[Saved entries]
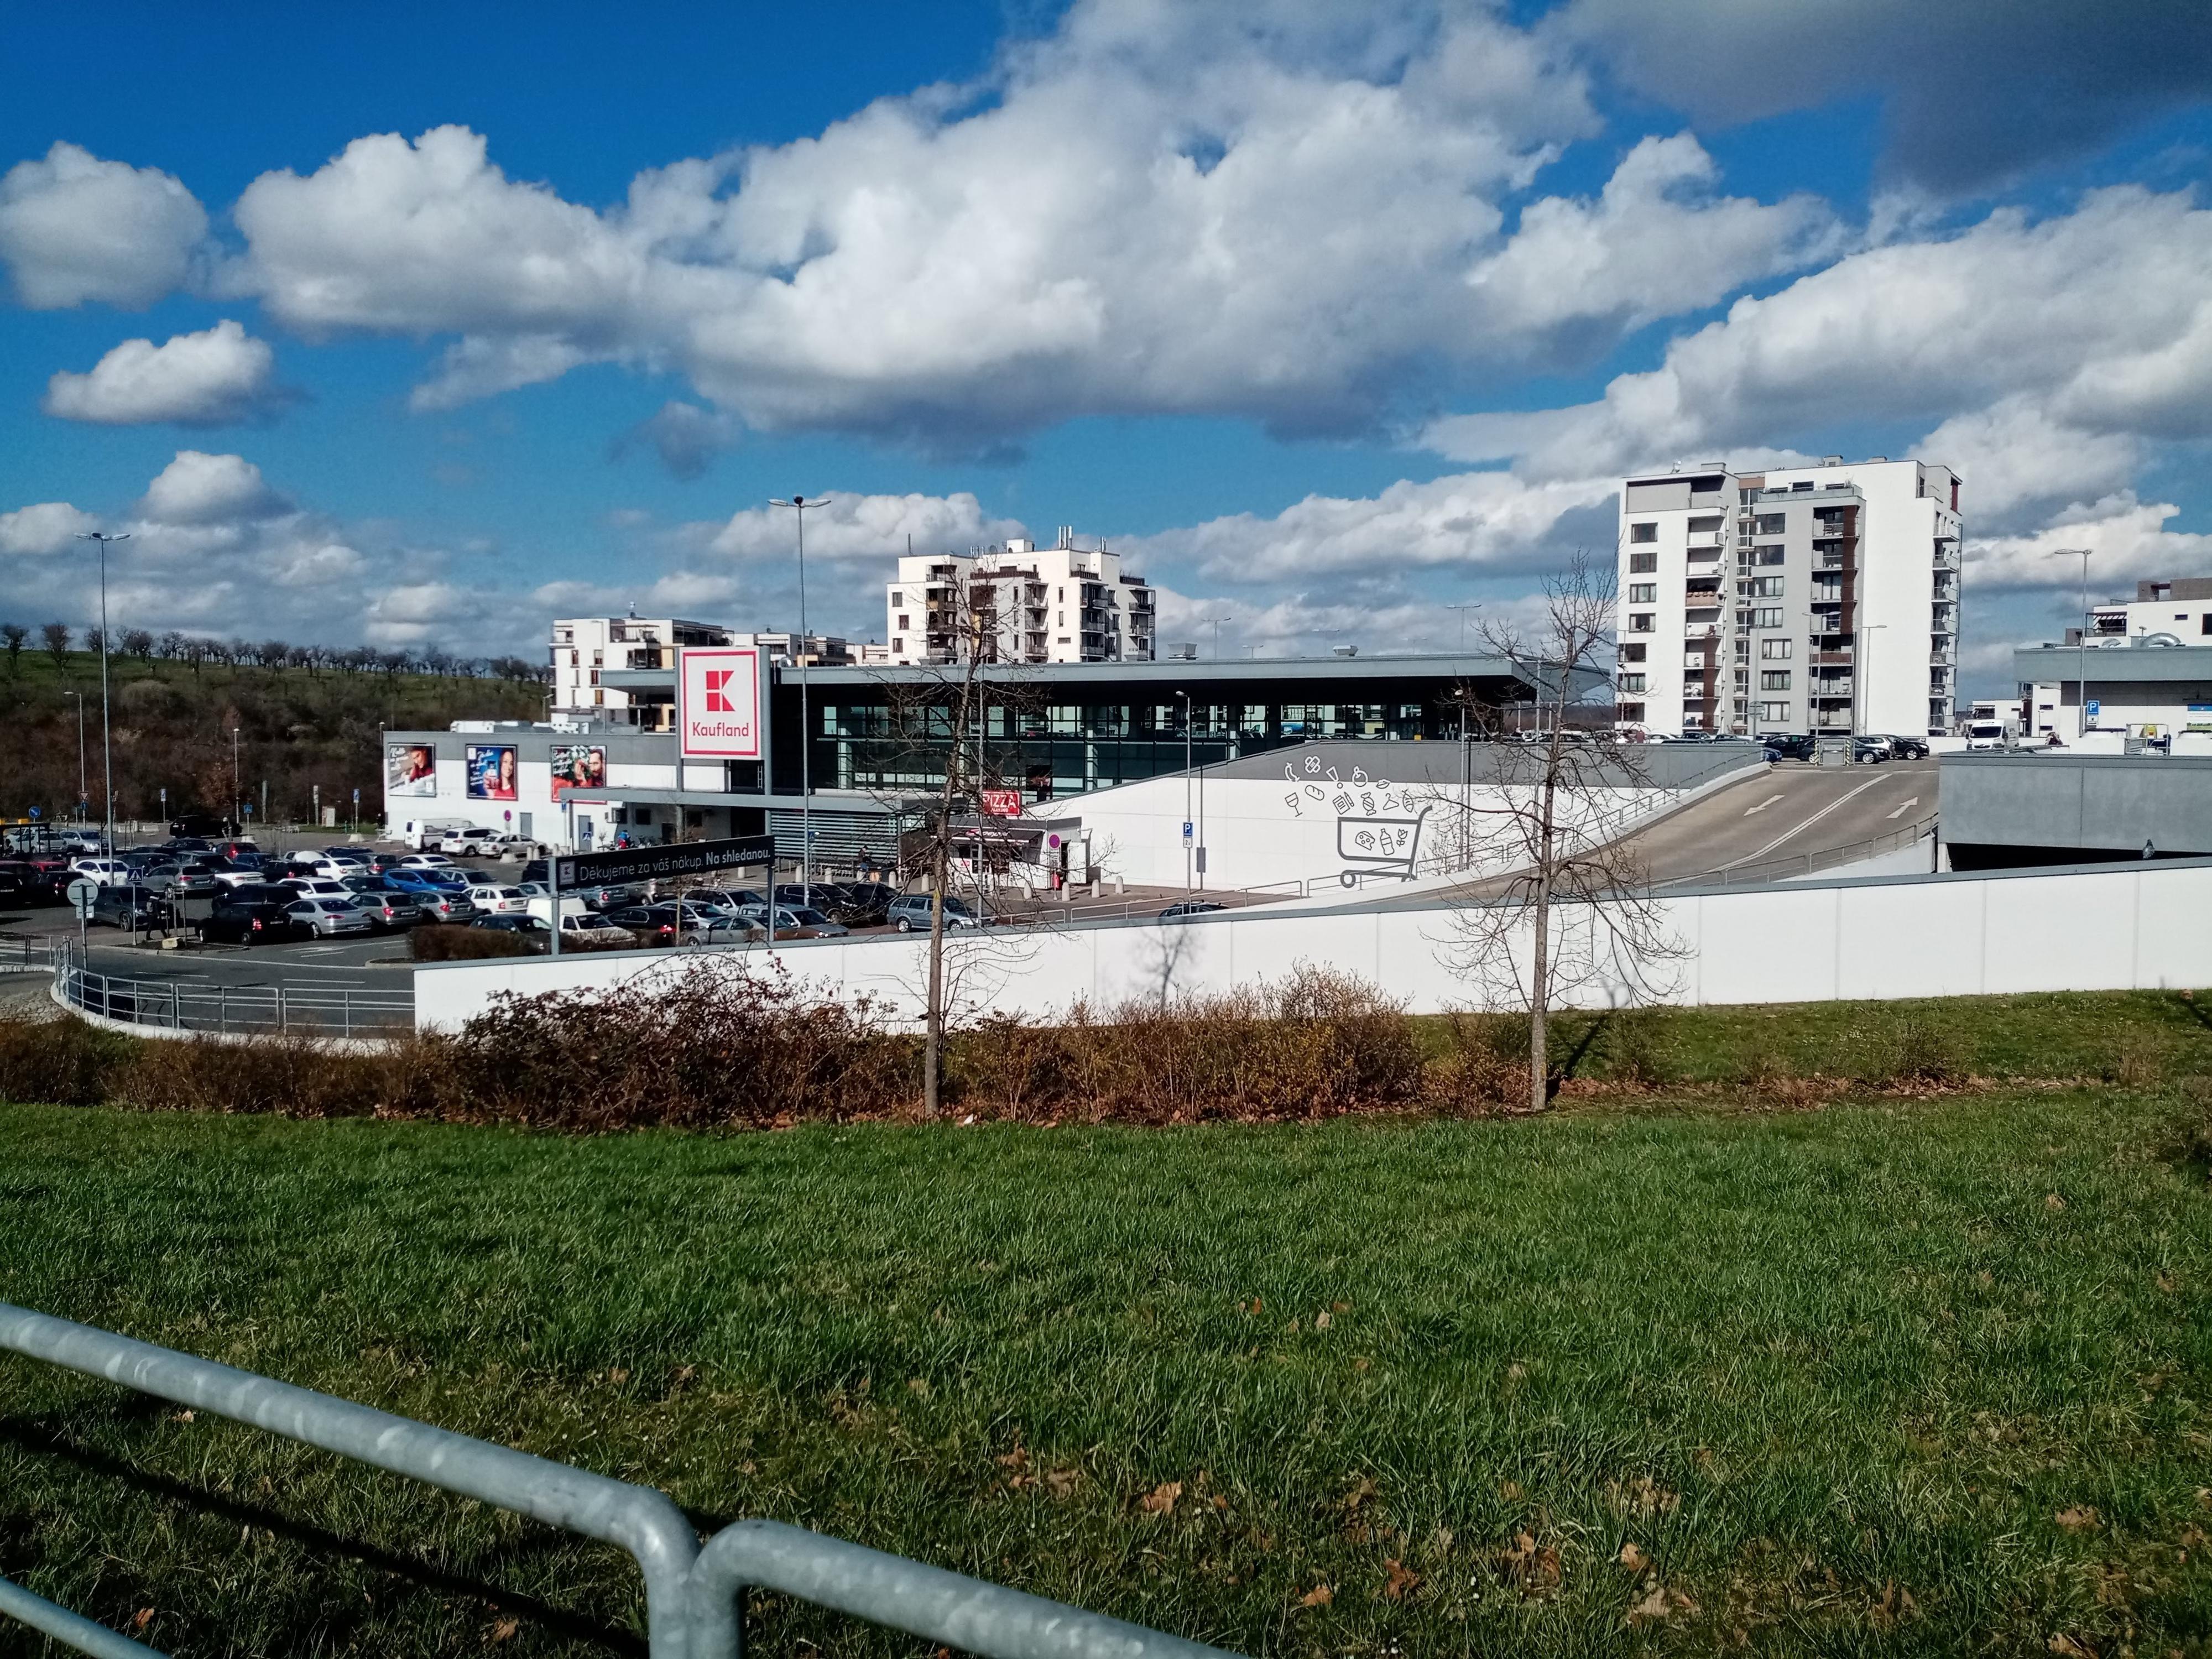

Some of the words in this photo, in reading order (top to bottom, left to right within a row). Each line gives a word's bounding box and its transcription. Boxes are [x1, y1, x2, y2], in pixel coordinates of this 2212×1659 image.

[706, 671, 735, 711] K
[2089, 703, 2096, 711] P
[693, 722, 749, 737] Kaufland
[1185, 824, 1191, 833] P
[580, 864, 635, 881] Děkujeme
[638, 863, 650, 874] za
[653, 858, 669, 872] váš
[672, 855, 703, 869] nákup.
[706, 852, 719, 865] Na
[722, 848, 770, 863] shledanou.
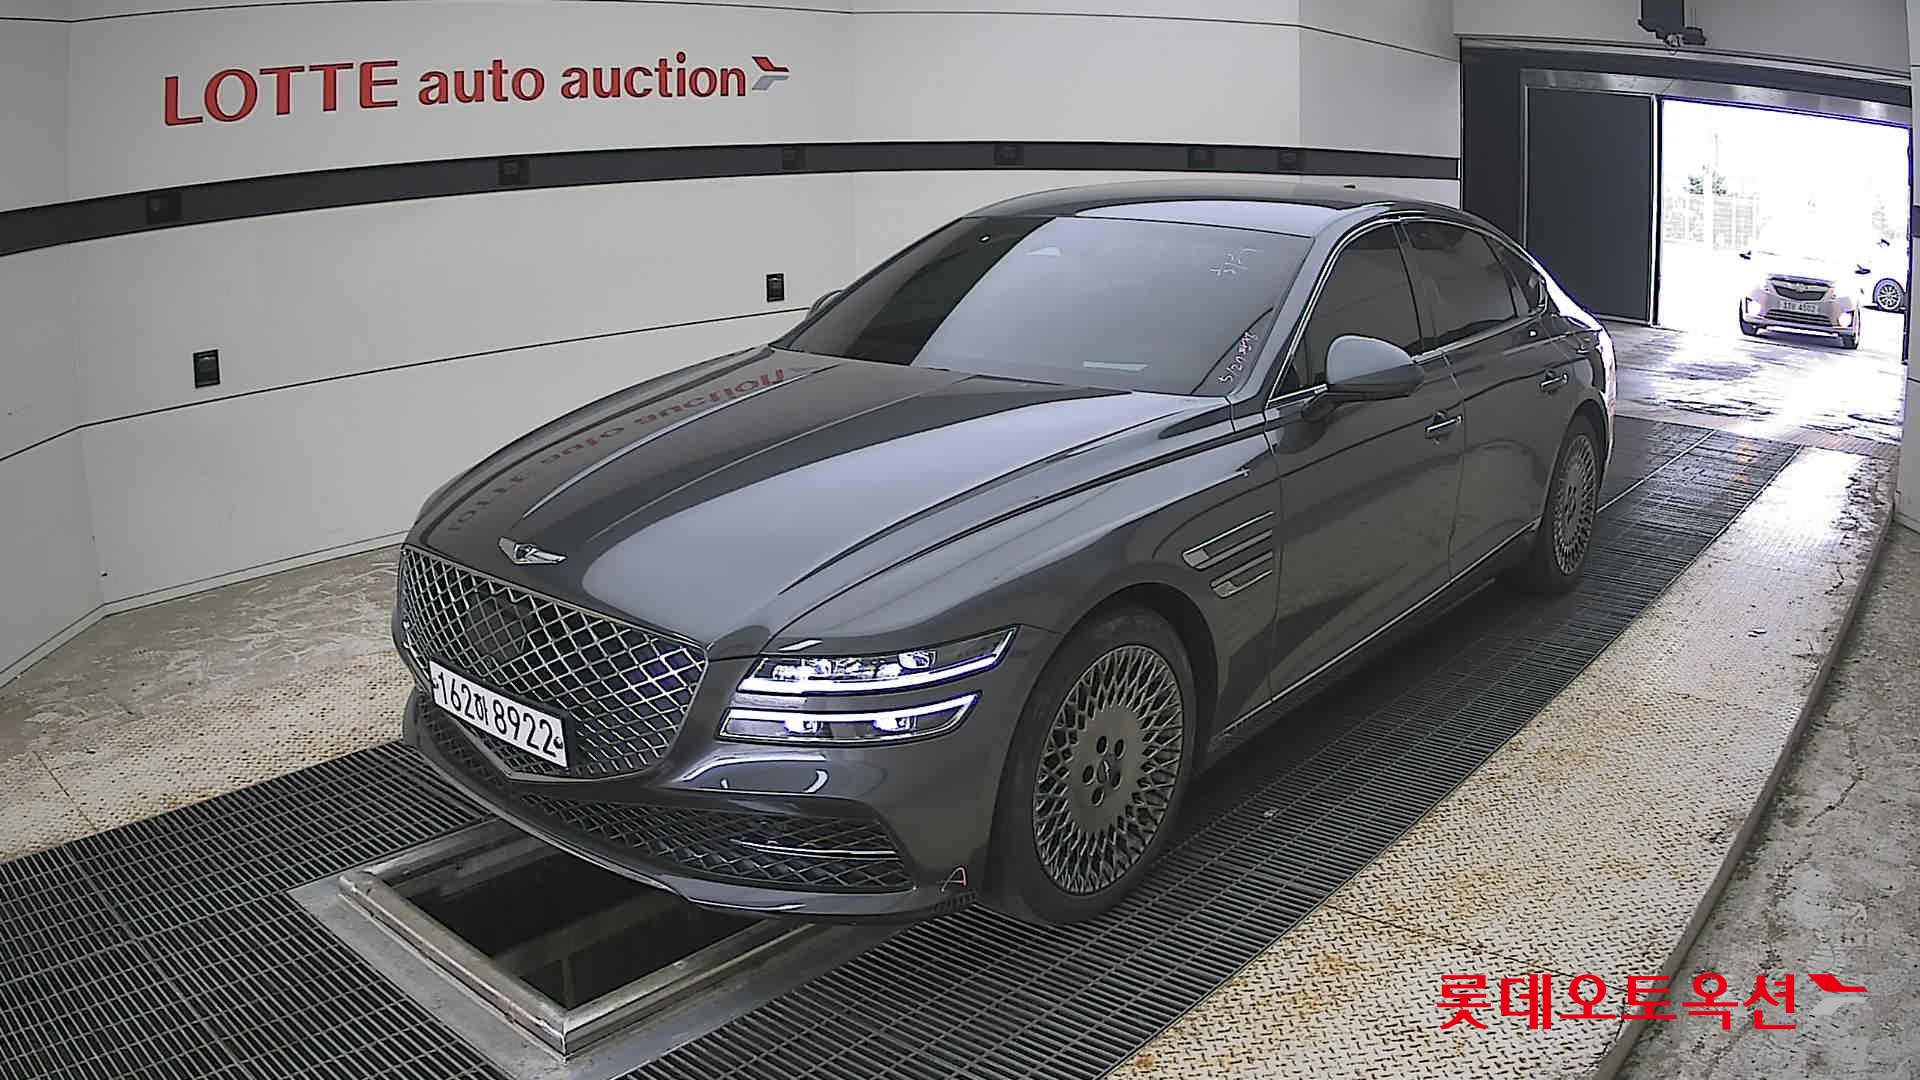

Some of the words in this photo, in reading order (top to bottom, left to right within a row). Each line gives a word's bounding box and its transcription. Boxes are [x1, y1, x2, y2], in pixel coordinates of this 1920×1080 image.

[164, 60, 399, 127] LOTTE
[418, 59, 545, 105] auto
[561, 51, 747, 99] auction
[493, 699, 557, 758] 8922

**ACTIVITY:**
Pictures are to be omitted; otherwise, write out the data exactly as it appears.

**RESULT:**
Some of the words in this photo, in reading order (top to bottom, left to right within a row). Each line gives a word's bounding box and its transcription. Boxes are [x1, y1, x2, y2], in pixel coordinates of this 2212×1659 image.

[706, 671, 735, 711] K
[2089, 703, 2096, 711] P
[693, 722, 749, 737] Kaufland
[1185, 824, 1191, 833] P
[580, 864, 635, 881] Děkujeme
[638, 863, 650, 874] za
[653, 858, 669, 872] váš
[672, 855, 703, 869] nákup.
[706, 852, 719, 865] Na
[722, 848, 770, 863] shledanou.

Some of the words in this photo, in reading order (top to bottom, left to right within a row). Each line gives a word's bounding box and its transcription. Boxes are [x1, y1, x2, y2], in pixel coordinates of this 1920×1080 image.

[164, 60, 399, 127] LOTTE
[418, 59, 545, 105] auto
[561, 51, 747, 99] auction
[493, 699, 557, 758] 8922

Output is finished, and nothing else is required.